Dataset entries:

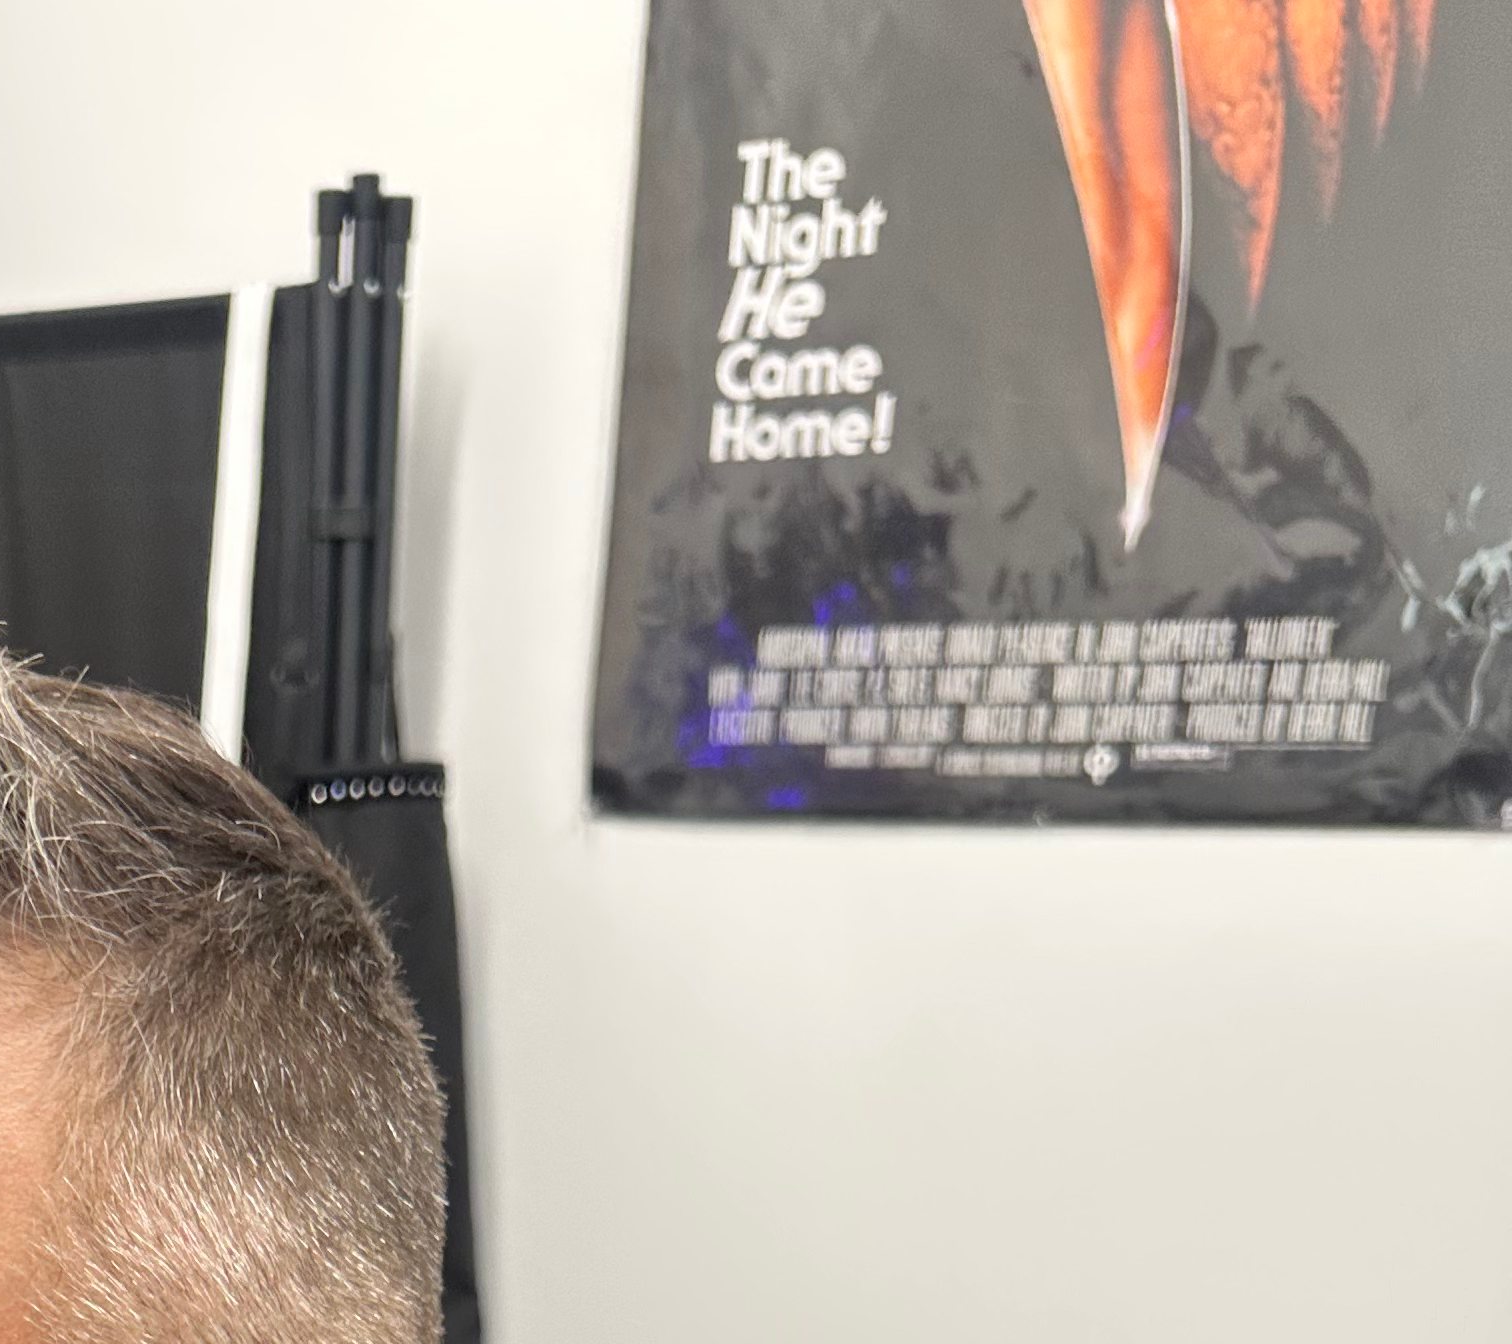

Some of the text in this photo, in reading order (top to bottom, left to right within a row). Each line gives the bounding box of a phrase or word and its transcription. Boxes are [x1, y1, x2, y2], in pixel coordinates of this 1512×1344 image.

[737, 137, 846, 203] The
[728, 196, 887, 277] Night
[718, 267, 825, 342] He
[715, 342, 883, 401] Came
[709, 392, 896, 462] Home!

## YOUR GOAL
A verbatim copy of the data, with all pictures omitted, is the required output.

## WRITTEN RESPONSE
Some of the text in this photo, in reading order (top to bottom, left to right within a row). Each line gives the bounding box of a phrase or word and its transcription. Boxes are [x1, y1, x2, y2], in pixel coordinates of this 1512×1344 image.

[737, 137, 846, 203] The
[728, 196, 887, 277] Night
[718, 267, 825, 342] He
[715, 342, 883, 401] Came
[709, 392, 896, 462] Home!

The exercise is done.